Letter to the Editor on Alain Soral

Dear Dr. MacDonald,

I stumbled upon your work today which, by a strange coincidence, is the same day you published a blog post about Alain Soral and the Dieudonné affair, issues I know a little about, having explored a good deal of Soral’s work and movement.

A small correction: it is not quite accurate to say that “Soral does not see Muslim immigration as a threat.” Soral is opposed to immigration both because it hurts lower-class French and because it leads to multiculturalism (métissage), but he is not anti-Muslim as such. As immigration has already occurred, he supports “equality and reconciliation” between (White, Catholic) French nationalists and “patriotic Muslims.” He sees Islam as something which can help keep Muslim youth away from social degeneracy and petty criminality, and he admires Islam’s conservatism, spiritualism and virility, a potentially powerful ally against the post-60s West’s hyper-individualism, Mammonism and effeminacy. Arabs and Muslims are also more likely to be anti-Zionist for the simple reason of their co-ethnics and/or co-religionists suffering in Palestine. Soral wants an “(ethnic) community rebalancing” in which the Jewish community would be less over-represented and the Muslim community would be strengthened.

He sees immigration in France as having been promoted by business elites for economic reasons and Jewish elites to weaken France’s ethnic cohesion. There is a vindictive strain among certain Jewish intellectuals, most obviously Bernard-Henri Lévy, who have not forgiven “France” as whole and the French people for the Vichy Regime, a Francophobic sentiment already condemned by the liberal patriot Raymond Aron in the 1980s. This sentiment appears to have gotten worse among many in the post-WWII generation of French Jews rather than the generation which actually experienced prewar antisemitism and Vichy. Soral sees a superficially “patriotic” anti-Muslim and anti-immigration turn among many French Jewish intellectuals (notably Alain Finkielkraut) for no other reason than they (probably correctly on the whole) perceive the new arrivals as more Judeocritical than the natives.

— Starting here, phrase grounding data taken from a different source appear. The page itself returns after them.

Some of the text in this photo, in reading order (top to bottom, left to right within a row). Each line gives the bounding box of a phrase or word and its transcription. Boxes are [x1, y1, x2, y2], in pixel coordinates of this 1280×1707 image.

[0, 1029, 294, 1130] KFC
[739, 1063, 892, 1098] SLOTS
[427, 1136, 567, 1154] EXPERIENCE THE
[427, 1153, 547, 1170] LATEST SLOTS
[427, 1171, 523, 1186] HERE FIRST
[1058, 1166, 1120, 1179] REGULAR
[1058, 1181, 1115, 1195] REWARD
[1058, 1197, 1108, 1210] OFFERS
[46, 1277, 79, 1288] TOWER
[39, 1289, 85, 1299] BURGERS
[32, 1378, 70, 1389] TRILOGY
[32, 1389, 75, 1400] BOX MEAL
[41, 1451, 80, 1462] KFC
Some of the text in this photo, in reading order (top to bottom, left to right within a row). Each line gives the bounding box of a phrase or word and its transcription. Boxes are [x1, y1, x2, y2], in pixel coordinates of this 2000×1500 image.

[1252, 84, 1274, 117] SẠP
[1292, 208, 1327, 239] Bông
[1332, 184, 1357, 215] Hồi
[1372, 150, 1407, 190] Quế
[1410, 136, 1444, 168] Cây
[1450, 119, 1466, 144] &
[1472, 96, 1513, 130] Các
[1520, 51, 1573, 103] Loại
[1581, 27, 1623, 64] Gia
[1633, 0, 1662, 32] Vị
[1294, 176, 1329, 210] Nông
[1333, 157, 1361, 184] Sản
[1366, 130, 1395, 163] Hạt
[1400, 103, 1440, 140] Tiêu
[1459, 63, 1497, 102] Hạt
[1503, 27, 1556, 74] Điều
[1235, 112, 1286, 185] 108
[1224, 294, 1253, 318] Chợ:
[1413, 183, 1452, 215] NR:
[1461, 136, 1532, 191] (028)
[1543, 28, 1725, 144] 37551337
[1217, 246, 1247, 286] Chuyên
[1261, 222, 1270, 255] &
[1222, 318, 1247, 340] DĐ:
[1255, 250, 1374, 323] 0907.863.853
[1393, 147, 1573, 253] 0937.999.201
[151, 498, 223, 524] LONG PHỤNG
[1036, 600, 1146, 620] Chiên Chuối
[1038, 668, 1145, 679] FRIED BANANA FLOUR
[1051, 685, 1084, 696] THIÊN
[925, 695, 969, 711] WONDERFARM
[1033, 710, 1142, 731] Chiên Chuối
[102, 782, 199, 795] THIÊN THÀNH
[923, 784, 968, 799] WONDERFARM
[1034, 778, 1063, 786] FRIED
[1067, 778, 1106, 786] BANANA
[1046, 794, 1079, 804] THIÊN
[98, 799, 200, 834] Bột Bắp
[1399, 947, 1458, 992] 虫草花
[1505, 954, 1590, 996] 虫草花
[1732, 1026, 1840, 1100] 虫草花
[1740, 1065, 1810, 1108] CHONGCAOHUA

Soral’s reasons for leaving the Front National are complex. He appears to have been disliked by the apparatchiks who had been patiently waiting for a rare political office (he was catapulted to the Central Committee by Jean-Marie Le Pen himself) and left after being deprived a high enough position on the ballot lists for the European parliamentary elections to be electable. The difference on Marine Le Pen’s continuing “Muslim-baiting” is a major and substantive one, but he practically sees no alternative to the FN for a French patriot.

Soral himself is something of a phenomenon, difficult to summarize. The subject really deserves a solid book to explain it to Anglo audiences. The most striking thing for me is the extent to which there has been — from very different beginnings, national values and assumptions — convergence in his conclusions with Paleoconservatives and old school Progressives on both sides of the Atlantic around issues such as the Nation-State, national cohesion, and moderate protectionism (even if most would probably not share his Judeophobia).

The Dieudonné affair itself has been fascinating: Never has so much attention been brought to bear onto the infamous so-called “double standard” (deux poids, deux mesures) of the French media-political class in its treatments of Israel or antisemitism, as opposed to anti-black racism, Islamophobia, Christophobia or plain old Francophobia. A lot of people could not understand why such blatant preventative censorship and such incredibly disproportionate attention from the highest levels of the State was happening because of a Franco-Cameroonian comedian’s (non-televised) stand-up act, posing awkward questions which most French people have been taught from a young age not to ask.